The understanding that diversity strengthens an organisation, driving better performance, is finally becoming widespread in the business world. Ms Newport is keen for every business in Australia to help improve inclusion for people living with disability.

Since joining the organisation in 2011, Ms Newport has seen a number of exciting projects that have made a real difference to the running of the organisation, not least her own appointment as Managing Director and CEO.

There has been a significant shift in attitude towards disability since the foundation was first formed, with the focus in recent decades being on the responsibility of communities in their treatment of people living with disability. “When we were founded, nearly 70 years ago, people probably thought about people living with disability in terms of how they could fit into our communities. What’s different now is that we think about how our communities can accommodate people living with a disability. We think about our communities being accessible and inclusive.” The sheer size and scope of Western Australia creates unique issues for organisations such as Activ, issues that don’t affect other states and territories across Australia and that the organisation works hard to combat.

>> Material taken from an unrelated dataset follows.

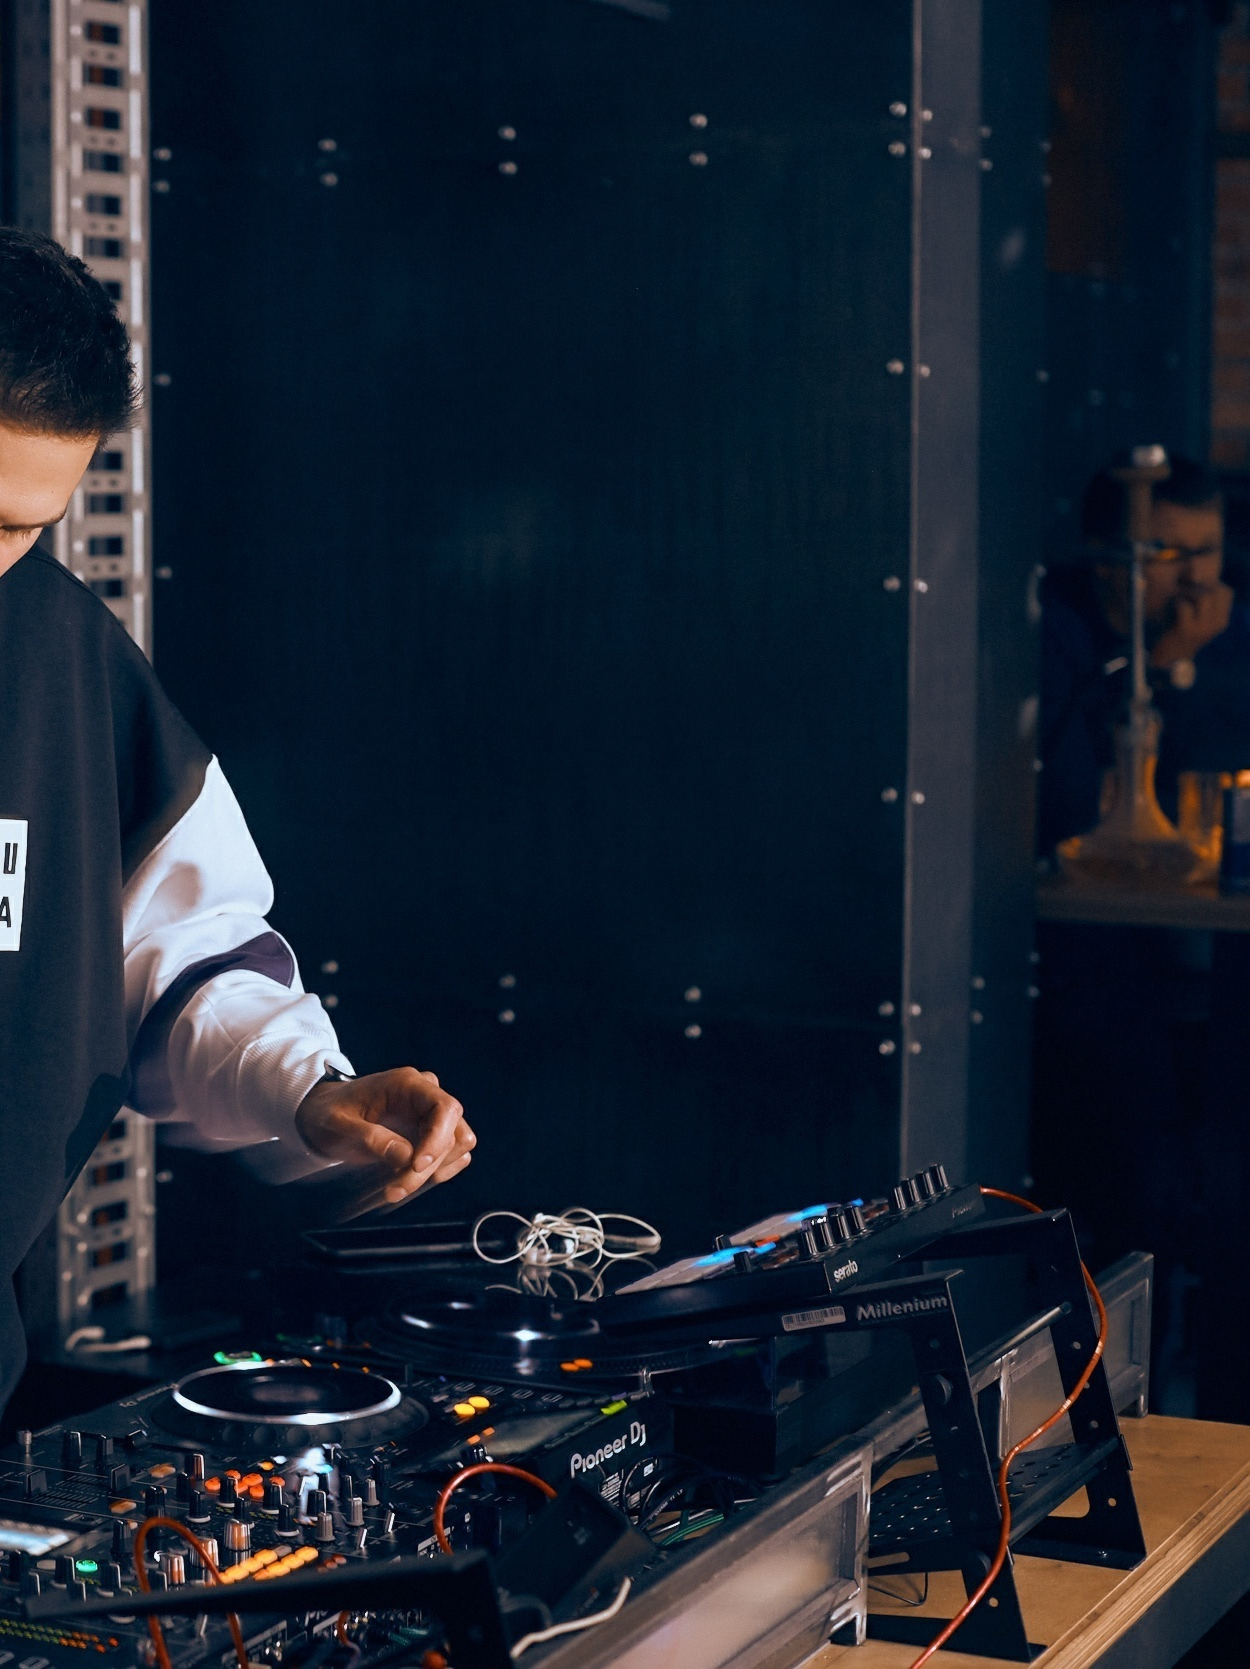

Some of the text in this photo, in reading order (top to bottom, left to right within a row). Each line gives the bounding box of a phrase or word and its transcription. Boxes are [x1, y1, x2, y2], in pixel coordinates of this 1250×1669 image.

[833, 1259, 859, 1283] serato
[856, 1295, 948, 1322] Millenium
[570, 1434, 628, 1479] Pioneer

“Being a resources-based economy,” Ms Newport says, “we have some real challenges with the cost of doing business in Western Australia, which isn’t always reflected in universal pricing across Australia.” Another significant issue is the number of remote communities in the state, many of which have struggled to receive any support, not just for those living with disability, but for all disadvantaged members of the community. “We also suffer with remoteness from Canberra. We’re a long way away from our decision makers. That adds to our cost of business, but it also makes it more difficult to build those really effective partnerships and relationships with government.”

More than half of Activ’s customers are employed through the company’s Australian Disability Enterprise (ADE), which provides products and services to commercial clients throughout Western Australia.

Leveraging choice for people living with disability

Since joining the organisation in 2011, Ms Newport has seen a number of exciting projects that have made a real difference to the running of the organisation, not least her own appointment as Managing Director and CEO. “In 2016, we celebrated 65 years of our organisation, and in that same year we celebrated our first female CEO, which is a milestone in an organisation that wants to be inclusive and accessible to everybody. I think it was an important step.” A year earlier, the organisation celebrated forty years of hosting Western Australia’s hugely popular Chevron City to Surf for Activ, the state’s oldest and most loved community fun run. The event takes place every year in five locations across WA, finishing with the famous hero event in Perth.  But perhaps the most important development in recent times has been the introduction of the National Disability Insurance Scheme (NDIS), a government scheme designed to increase choice and control for people living with disability across Australia.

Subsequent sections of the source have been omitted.